▶ [Exercise materials]:
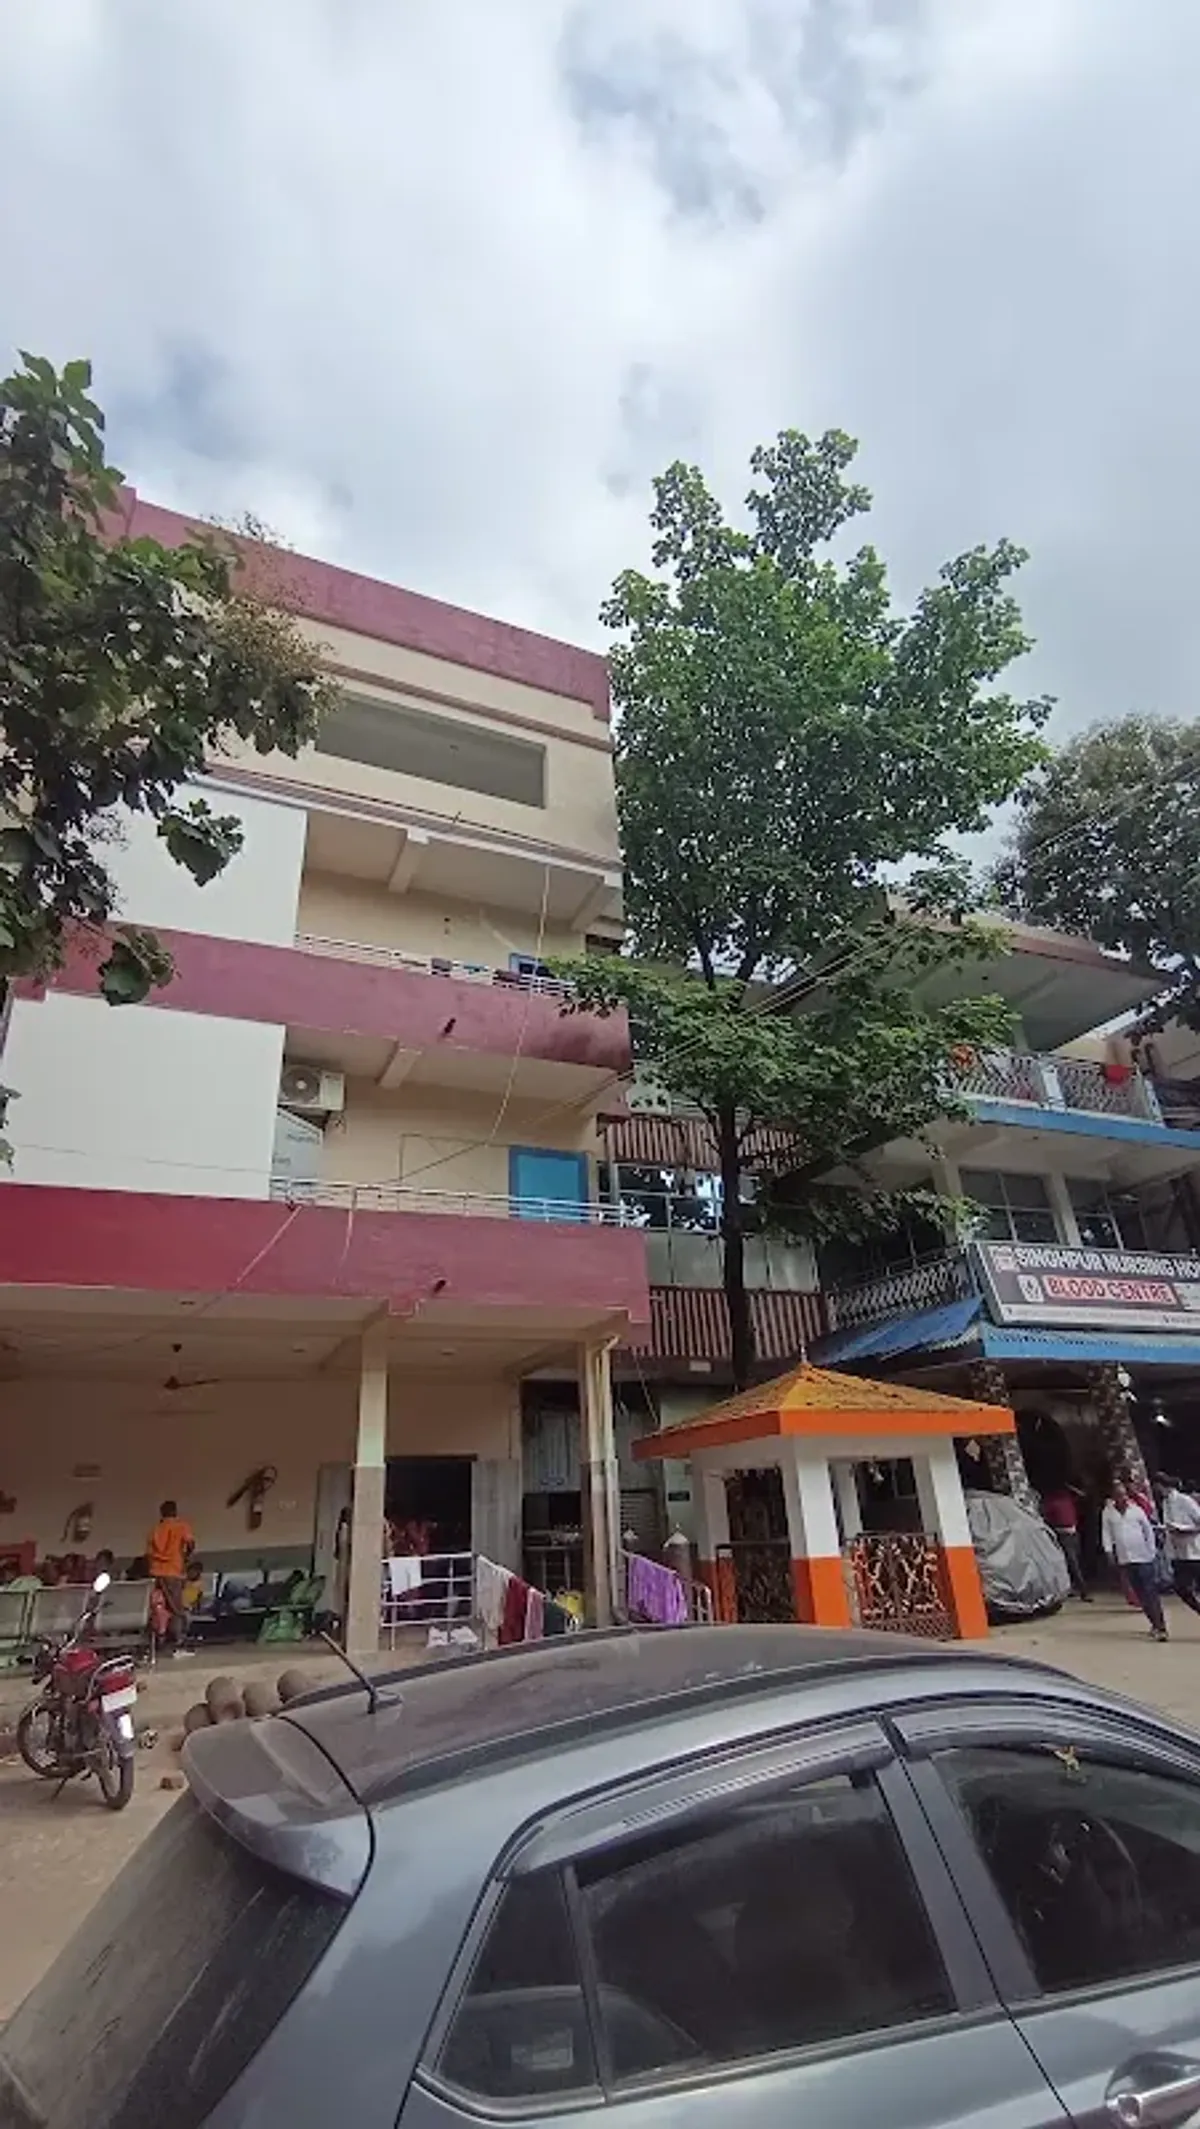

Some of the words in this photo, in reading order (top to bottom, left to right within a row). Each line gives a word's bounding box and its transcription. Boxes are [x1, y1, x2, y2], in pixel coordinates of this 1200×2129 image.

[1102, 1254, 1175, 1277] NURSING
[1048, 1277, 1106, 1298] BLOOD
[1107, 1283, 1173, 1303] CENTRE
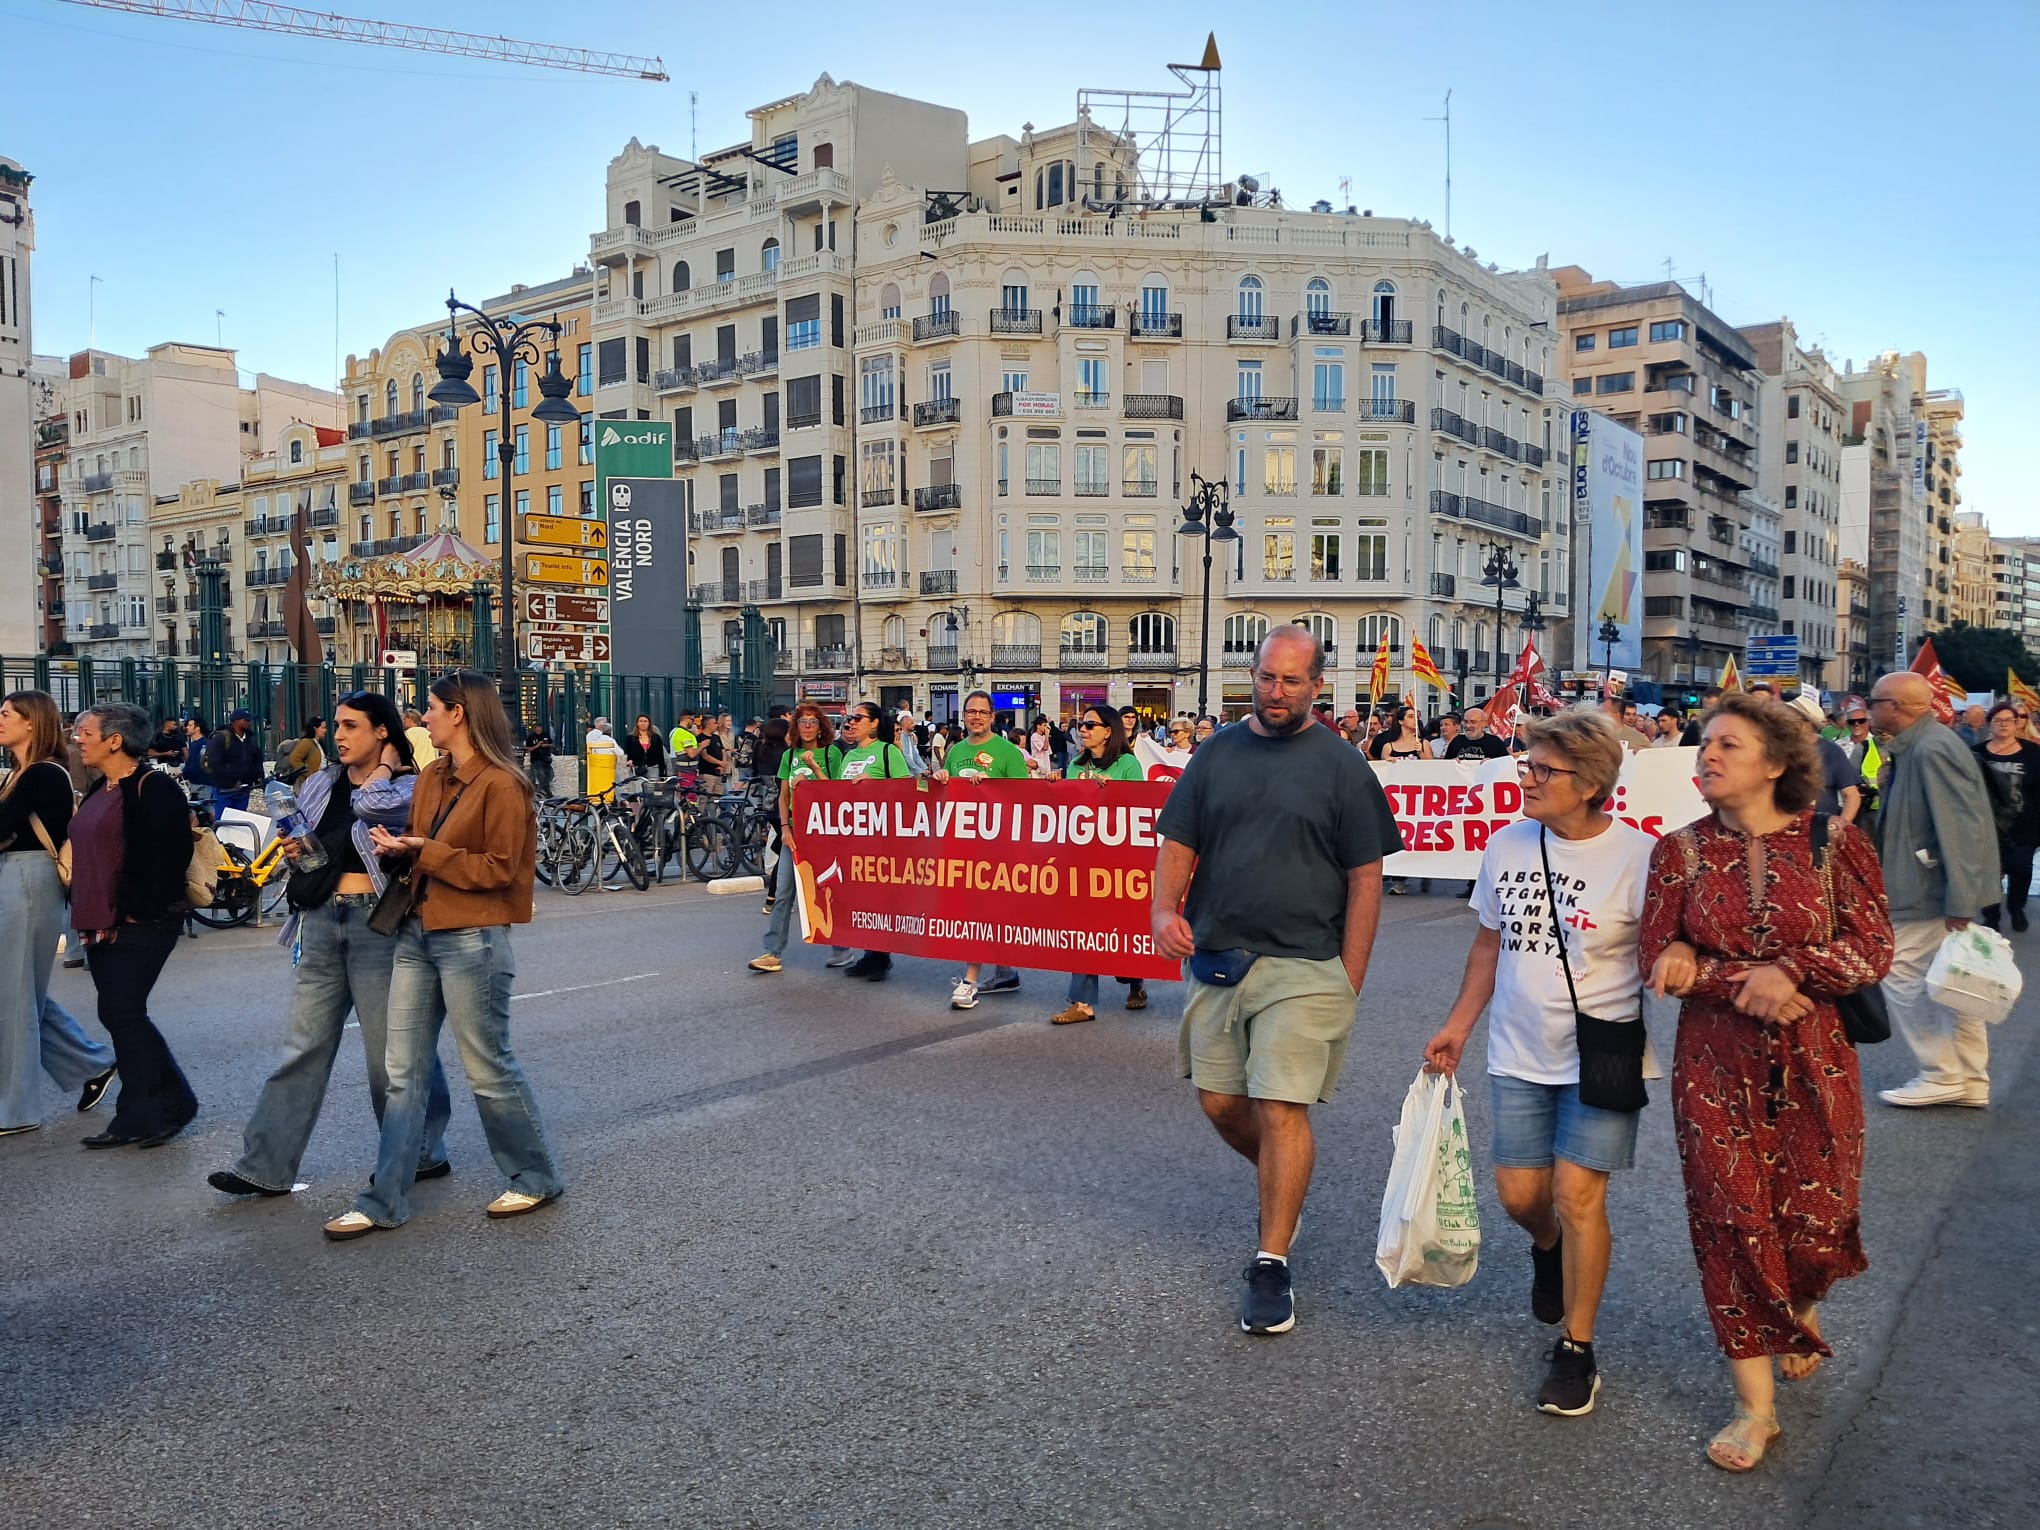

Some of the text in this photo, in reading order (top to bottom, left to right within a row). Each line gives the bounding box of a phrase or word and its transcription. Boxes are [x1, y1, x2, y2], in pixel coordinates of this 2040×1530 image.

[623, 431, 668, 445] adif
[612, 519, 633, 601] VALÈNCIA
[635, 518, 653, 566] NORD
[996, 683, 1035, 691] EXCHANE
[806, 801, 888, 837] ALCEM
[895, 801, 931, 837] LA
[935, 801, 1002, 841] VEU
[1011, 803, 1021, 842] I
[851, 855, 1059, 897] RECLASSIFICACIÓ
[1069, 866, 1078, 897] I
[851, 910, 893, 932] PERSONAL
[895, 912, 925, 936] D'ATENCIÓ
[928, 918, 994, 943] EDUCATIVA
[996, 923, 1001, 943] I
[1004, 924, 1119, 953] D'ADMINISTRACIÓ
[1124, 933, 1128, 953] I

▶ [Directions for this task]:
Return, unchanged, each line from the line containing "Some of the text" through the last line of the material.

▶ [The answer]:
Some of the text in this photo, in reading order (top to bottom, left to right within a row). Each line gives the bounding box of a phrase or word and its transcription. Boxes are [x1, y1, x2, y2], in pixel coordinates of this 2040×1530 image.

[623, 431, 668, 445] adif
[612, 519, 633, 601] VALÈNCIA
[635, 518, 653, 566] NORD
[996, 683, 1035, 691] EXCHANE
[806, 801, 888, 837] ALCEM
[895, 801, 931, 837] LA
[935, 801, 1002, 841] VEU
[1011, 803, 1021, 842] I
[851, 855, 1059, 897] RECLASSIFICACIÓ
[1069, 866, 1078, 897] I
[851, 910, 893, 932] PERSONAL
[895, 912, 925, 936] D'ATENCIÓ
[928, 918, 994, 943] EDUCATIVA
[996, 923, 1001, 943] I
[1004, 924, 1119, 953] D'ADMINISTRACIÓ
[1124, 933, 1128, 953] I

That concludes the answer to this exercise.